Start of Exercise materials

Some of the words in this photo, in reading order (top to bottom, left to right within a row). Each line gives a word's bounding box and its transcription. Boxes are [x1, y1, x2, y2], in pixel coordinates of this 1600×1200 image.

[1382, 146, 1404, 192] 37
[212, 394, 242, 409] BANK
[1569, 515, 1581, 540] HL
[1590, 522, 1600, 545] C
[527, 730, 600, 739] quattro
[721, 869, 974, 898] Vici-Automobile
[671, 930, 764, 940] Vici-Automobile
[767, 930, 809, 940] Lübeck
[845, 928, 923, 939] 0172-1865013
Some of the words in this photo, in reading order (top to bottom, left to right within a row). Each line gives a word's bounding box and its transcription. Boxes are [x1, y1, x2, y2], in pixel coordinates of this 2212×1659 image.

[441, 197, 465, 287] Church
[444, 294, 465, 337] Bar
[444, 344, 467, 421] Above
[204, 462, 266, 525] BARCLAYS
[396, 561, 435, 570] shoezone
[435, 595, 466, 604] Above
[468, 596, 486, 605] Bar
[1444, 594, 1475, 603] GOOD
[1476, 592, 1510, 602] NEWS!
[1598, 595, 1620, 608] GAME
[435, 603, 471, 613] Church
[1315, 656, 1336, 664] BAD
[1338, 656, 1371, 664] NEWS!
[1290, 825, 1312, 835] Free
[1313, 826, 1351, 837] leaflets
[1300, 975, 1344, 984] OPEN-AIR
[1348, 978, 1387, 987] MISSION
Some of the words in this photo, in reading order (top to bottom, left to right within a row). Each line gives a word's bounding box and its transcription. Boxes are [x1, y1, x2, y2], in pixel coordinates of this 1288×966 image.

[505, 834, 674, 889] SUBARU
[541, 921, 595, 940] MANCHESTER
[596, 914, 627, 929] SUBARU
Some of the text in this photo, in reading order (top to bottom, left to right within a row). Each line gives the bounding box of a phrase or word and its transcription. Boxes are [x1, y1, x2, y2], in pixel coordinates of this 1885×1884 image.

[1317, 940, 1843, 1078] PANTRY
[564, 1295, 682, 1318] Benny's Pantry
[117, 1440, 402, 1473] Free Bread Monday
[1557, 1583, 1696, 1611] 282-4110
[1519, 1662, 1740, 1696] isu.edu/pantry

End of Exercise materials

* What is required: Each entry needs to be transcribed exactly.

* Solution to this problem:
Some of the words in this photo, in reading order (top to bottom, left to right within a row). Each line gives a word's bounding box and its transcription. Boxes are [x1, y1, x2, y2], in pixel coordinates of this 1600×1200 image.

[1382, 146, 1404, 192] 37
[212, 394, 242, 409] BANK
[1569, 515, 1581, 540] HL
[1590, 522, 1600, 545] C
[527, 730, 600, 739] quattro
[721, 869, 974, 898] Vici-Automobile
[671, 930, 764, 940] Vici-Automobile
[767, 930, 809, 940] Lübeck
[845, 928, 923, 939] 0172-1865013
Some of the words in this photo, in reading order (top to bottom, left to right within a row). Each line gives a word's bounding box and its transcription. Boxes are [x1, y1, x2, y2], in pixel coordinates of this 2212×1659 image.

[441, 197, 465, 287] Church
[444, 294, 465, 337] Bar
[444, 344, 467, 421] Above
[204, 462, 266, 525] BARCLAYS
[396, 561, 435, 570] shoezone
[435, 595, 466, 604] Above
[468, 596, 486, 605] Bar
[1444, 594, 1475, 603] GOOD
[1476, 592, 1510, 602] NEWS!
[1598, 595, 1620, 608] GAME
[435, 603, 471, 613] Church
[1315, 656, 1336, 664] BAD
[1338, 656, 1371, 664] NEWS!
[1290, 825, 1312, 835] Free
[1313, 826, 1351, 837] leaflets
[1300, 975, 1344, 984] OPEN-AIR
[1348, 978, 1387, 987] MISSION
Some of the words in this photo, in reading order (top to bottom, left to right within a row). Each line gives a word's bounding box and its transcription. Boxes are [x1, y1, x2, y2], in pixel coordinates of this 1288×966 image.

[505, 834, 674, 889] SUBARU
[541, 921, 595, 940] MANCHESTER
[596, 914, 627, 929] SUBARU
Some of the text in this photo, in reading order (top to bottom, left to right within a row). Each line gives the bounding box of a phrase or word and its transcription. Boxes are [x1, y1, x2, y2], in pixel coordinates of this 1885×1884 image.

[1317, 940, 1843, 1078] PANTRY
[564, 1295, 682, 1318] Benny's Pantry
[117, 1440, 402, 1473] Free Bread Monday
[1557, 1583, 1696, 1611] 282-4110
[1519, 1662, 1740, 1696] isu.edu/pantry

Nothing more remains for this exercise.